Depression and anxiety symptoms were assessed using Patient Health Questionnaire–2 [36], and Generalized Anxiety Disorder–2 [37]. Both scales use a cut-off of greater than 3 for the presence of depression and of anxiety symptoms [36,37,38].
Statistical analysis
Descriptive statistics were used to present demographic characteristics, sleeping habits, medical comorbidities, and information related to COVID-19 in total sample, as well as healthy, average, and unhealthy lifestyle groups. In addition, proportions of healthy lifestyle, and sleep health outcomes stratified by three healthy lifestyle groups were also described. Continuous variables were presented as mean (SD) for normal distribution variables or median (IQR) for non-normal distribution. Binary and categorical variables were presented as counts and percentages. χ2 tests and one-way analysis of variance (ANOVA) were used to compare categorial and continuous variables among three groups, and related p-values are presented in Table 1.

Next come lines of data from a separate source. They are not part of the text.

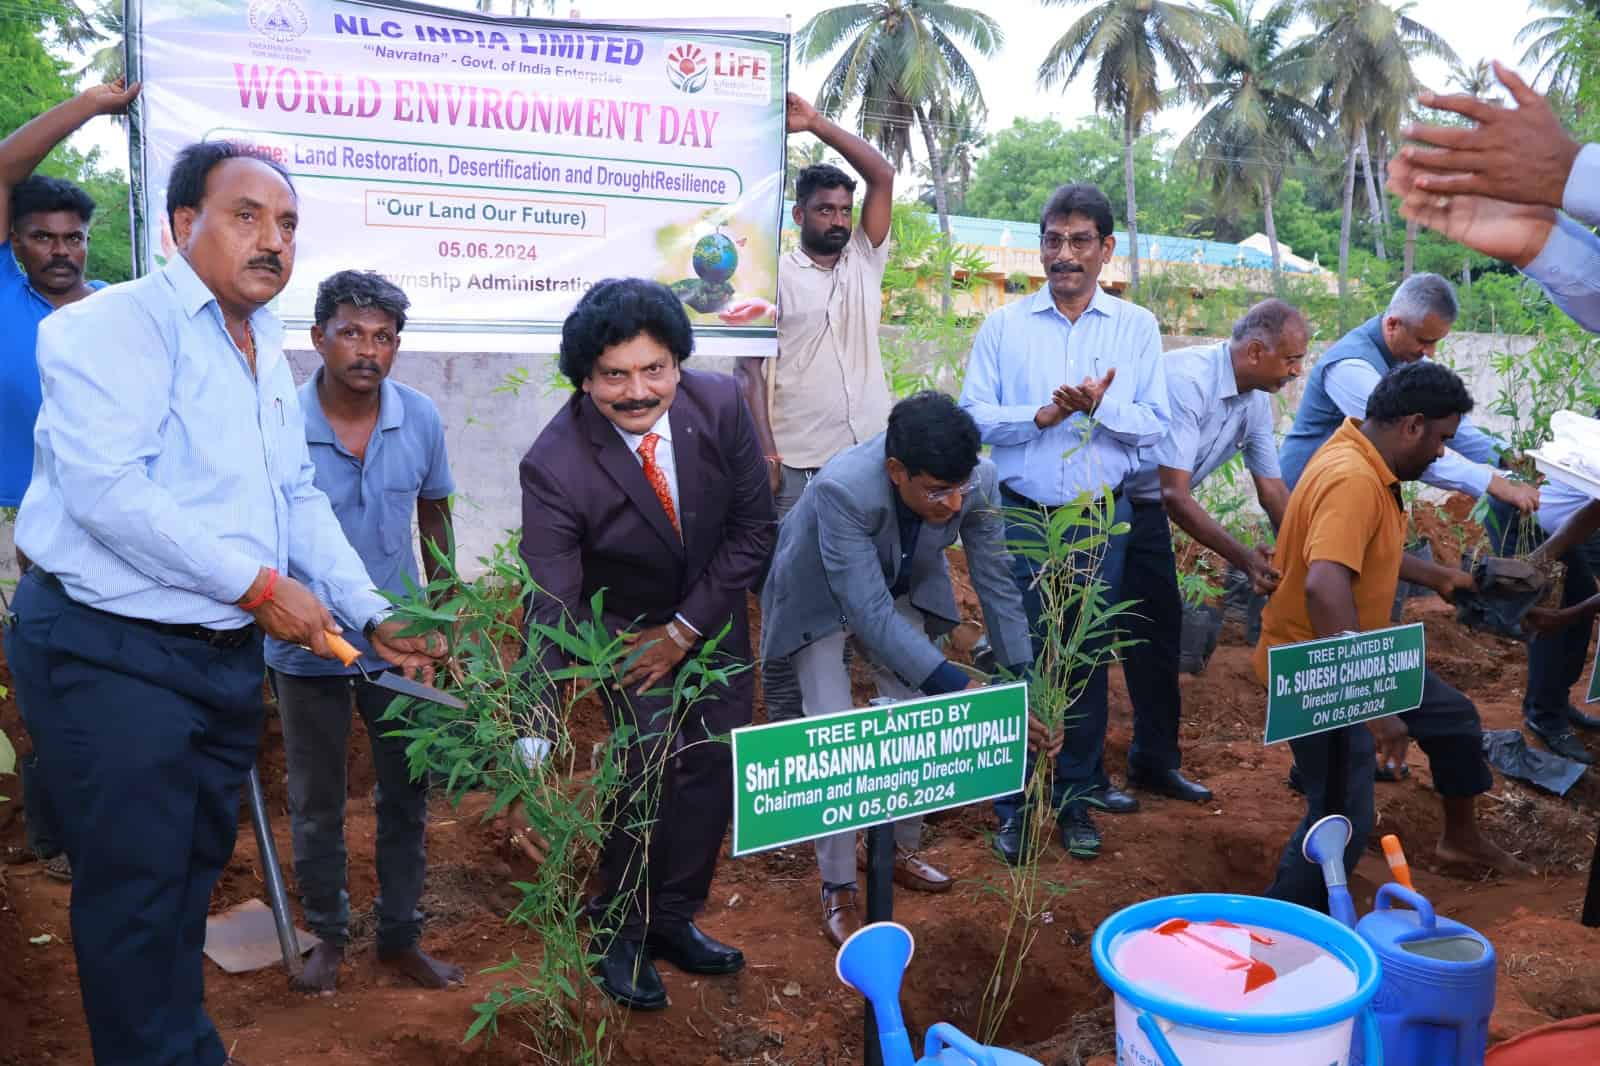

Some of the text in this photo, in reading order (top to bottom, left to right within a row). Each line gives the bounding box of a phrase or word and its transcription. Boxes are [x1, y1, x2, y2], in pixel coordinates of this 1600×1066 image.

[334, 13, 403, 39] NLC
[414, 24, 511, 51] INDIA
[519, 32, 644, 66] LIMITED
[461, 55, 497, 71] Govt.
[502, 60, 516, 73] of
[519, 61, 552, 76] India
[556, 65, 623, 84] Enterprise
[233, 63, 720, 149] WORLD ENVIRONMENT DAY
[295, 143, 337, 167] Land
[343, 147, 443, 177] Restoration,
[449, 154, 561, 182] Desertification
[565, 165, 592, 185] and
[597, 165, 726, 194] DroughtResilience
[429, 202, 476, 220] Land
[482, 204, 516, 222] Our
[522, 206, 586, 230] Future)
[438, 241, 537, 261] 05.06.2024
[467, 273, 593, 293] Administratio
[1277, 648, 1420, 697] Dr. SURESH CHANDRA SUMAN
[1307, 637, 1395, 665] TREE PLANTED BY
[1302, 676, 1398, 710] Director / Mines, NLCIL
[1313, 698, 1385, 727] ON 05.06.2024
[805, 702, 971, 748] TREE PLANTED BY
[745, 715, 1021, 793] Shri PRASANNA KUMAR MOTUPALLI
[753, 746, 1013, 816] Chairman and Managing Director, NLCIL
[822, 782, 956, 826] ON 05.06.2024

Multivariable logistic regression analysis was performed to calculate the odds ratios (ORs) and 95% confidential intervals (CI) of association of lifestyle and sleep health outcomes (i.e., sleep quality, duration, pattern, and disorders or disturbances), after adjusting covariates, including demographic characteristics, sleeping habit, medical comorbidities, and information related to COVID-19. Similarly, logistic regression analysis examined the associations of each health lifestyle component with sleep health outcomes, after adjusting for the covariates mentioned above. The level of significance was set to P < 0.05. All the statistical analyses were performed using SPSS statistical software version 22 (IBM Corp).
Results
Demographic characteristics
In this cross-sectional, nationwide online survey, a convenience sample totaling 41,061 participants were included in the final analysis. Participants included in the analysis represented all thirty-four province-level regions in China. The participants’ average age was 36.24 ± 9.51 years, and the majority were female (59.1%), of Han ethnicity (96.6%), college educated (72.8%), married (74.3%), involved in non-manual work (65.8%), living in urban area (91.7%), and not living alone (83.6%). In addition, 45.5% of participants were frequent nappers, and 23.4% of them were shift workers. 17.3% reported chronic medical conditions, and 2.3% reported chronic mental illness. 19.4% reported depression symptoms and 16.7% reported anxiety symptoms. Regarding COVID-19 status, few participants were currently infected (1.7%), and few of them had quarantine history (6.4%) or were currently quarantined (0.9%). Additional demographic characteristics, sleeping habits, medical comorbidities, and information related to COVID-19 of participants stratified by healthy lifestyle are reported in Table 1, with all p-values < 0.05.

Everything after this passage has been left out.